A health care savings account is one more libertarian idea that seems fine in the abstract, but doesn’t sack up too well against the realities facing a large percentage of the population.
JzB
but if the insurance companies, ……decides that given the realities of human behavior it is cheaper to pay for birth control than not to,
Sure, I’m just fine with that. But if that is what the decision is then we most certainly don’t need a law to force them to do so now do we?
“What does this have to do with the topic? Well I think it is all too easy for moderns to fall into a mindset that reduces humanity to individual economic actors working calculators in their head to maximize individual self-interest and thus fall prey to the insurance fallacy of “what’s in it for me? Or my family?” because unless you define ‘family’ pretty broadly that doesn’t seem to have been the organizing principle. “
This is irrelevant to the point that I am trying to make. Which is, again, purely about the method used to finance what we all agree is a desirable level of health care.

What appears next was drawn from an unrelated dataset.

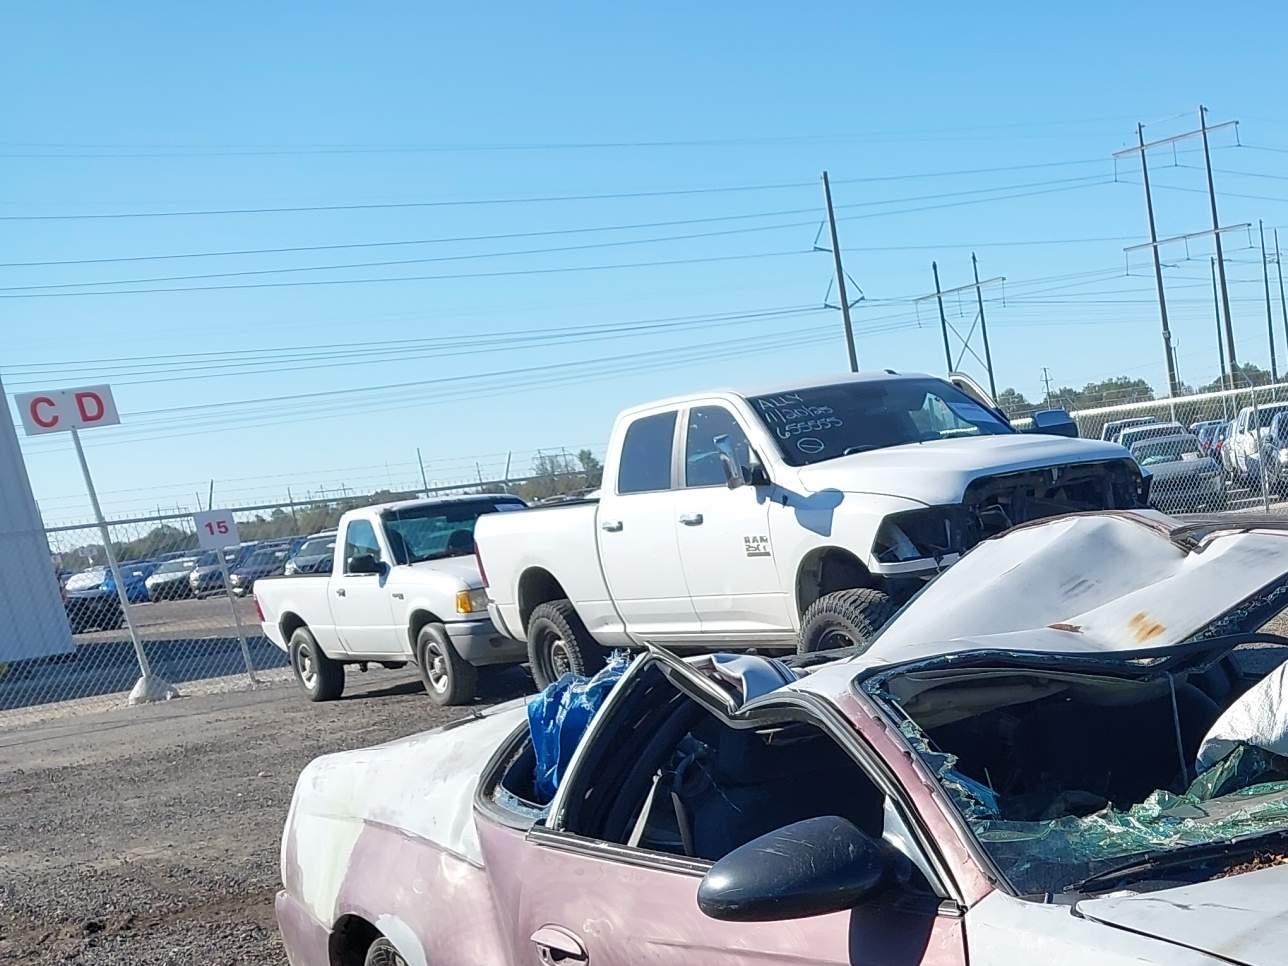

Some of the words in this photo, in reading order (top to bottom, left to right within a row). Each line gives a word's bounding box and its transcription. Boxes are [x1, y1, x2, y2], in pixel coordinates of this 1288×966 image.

[30, 396, 59, 428] C
[74, 391, 105, 422] D
[758, 393, 804, 410] ALLY
[204, 520, 229, 536] 15

It’s also why the linguistic trick of redefining insurance and or assurance doesn’t work.
Because we do have two different economic models here. (Oh, and BTW, 18th cent England really didn’t have the feudalism you ascribe to it, peasant’s potlucks, rents in kind etc. All of that was long gone by 1700. You’re out on yourt timeline by a couple of centuries.)
And what seems to being missed here is that my argument does not lead to the statement that, as it’s assurance it should not be provided collectively, if that’s what you desire to do. I don’t think it should be, that’s true, but that’s not an implication of my argument. It’s that it shouldn’t be provided through the insurance model, that’s all. It might actually be better if it were delivered collectively, through the taxation system.
To repeat, I am critiquing the use opf the insurance model to provide such desired health care: not determining how such desired health care should be provided nor even venturing into the question of whether such health care is desirable or not.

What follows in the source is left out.